A common misconception of a budget is it’s designed to be constraining and restricting. It’s almost as if your budget is hovering over you, ready to pounce on you the moment you slide off-course. And for someone who’s pulling in a substantial income, it can almost feel like a waste of time.
Here’s the thing- budgets for physicians are the complete opposite of this type of scenario. It’s deeply personal and works the way you command it to. Think of a budget as a set of guardrails for your money. If you happen to screw up, you can reference the guardrails you’ve put in place, and get back on track.

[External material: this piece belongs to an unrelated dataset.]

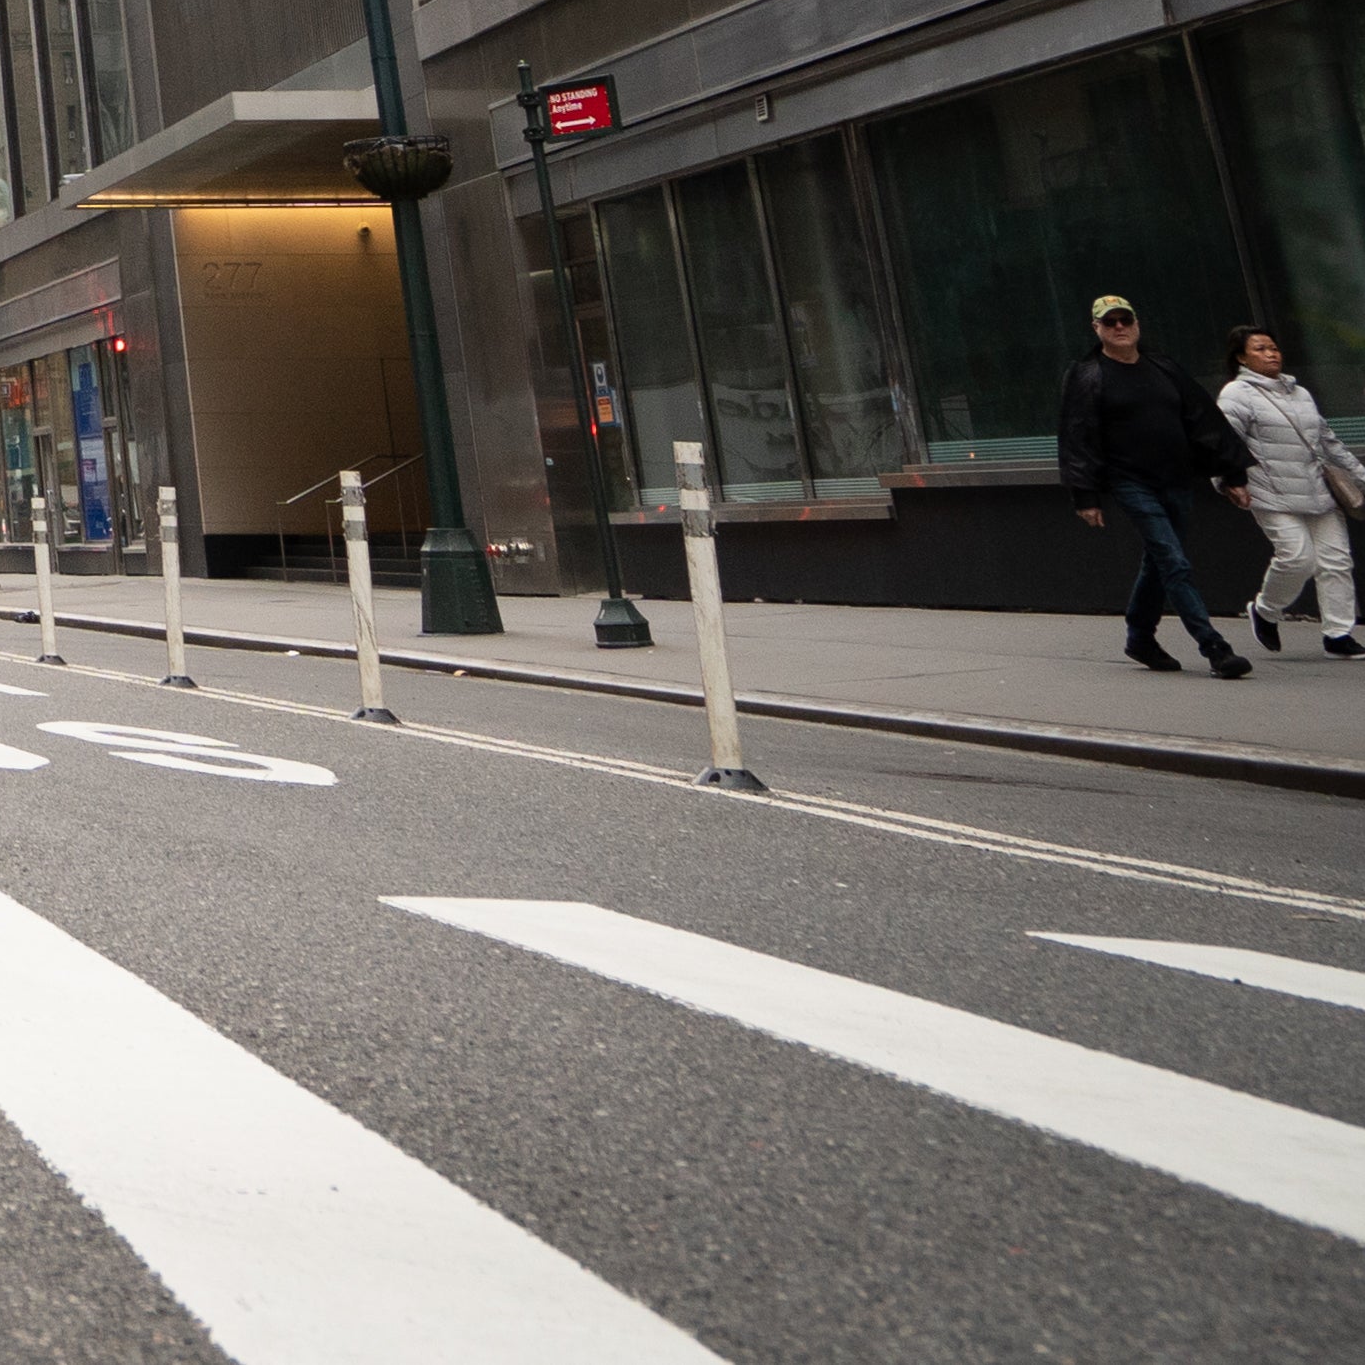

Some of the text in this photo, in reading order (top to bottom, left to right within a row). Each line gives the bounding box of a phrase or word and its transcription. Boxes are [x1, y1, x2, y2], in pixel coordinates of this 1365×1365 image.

[550, 87, 598, 104] NO STANDING
[552, 102, 583, 115] Anytime
[203, 262, 263, 290] 277

Behavior and Budgets: How They Impact One Another
Let’s take this concept of a budget a little deeper. While we can definitely change our behaviors and create new habits, it’s important to understand why we do things the way we do. Otherwise, we’ll never be able to change our actions.
We all know there’s a plethora of advice available whether you want to retire, invest, budget, or buy. But it seems like the information on attitudes and emotions with finances is a little tougher to discuss. When you think about it though, your thoughts about money and budgeting had to start somewhere.
Whether you realize it or not, there are a lot of emotions tied to our spending and saving habits which could also affect your attitude towards a budget. You typically learn your attitudes about money from your family and your childhood experiences with money. Think about the ways your childhood memories regarding finances have influenced your current-day attitude.
But there’s also a positive side to associating emotions with spending behavior. If you were exposed to positive money spending habits as a child, then it’s likely you’ve carried those positive behaviors with you into adulthood.
Behaviors and attitudes about money aren’t limited to what our parents taught us either. Many beliefs are shaped by our first experiences with our own money- either an allowance or a part-time job. How did you feel when you received your first “paycheck” for your work? Did you feel independent, empowered, guilty? Some kids want to splurge with their first checks, others want to hang on for dear life.
Another way to think about behavior and finances is how our attitudes about money may lead us down a path of avoiding financial decisions. It’s not uncommon to feel overwhelmed by the numbers and use it as a reason to avoid making decisions about finances.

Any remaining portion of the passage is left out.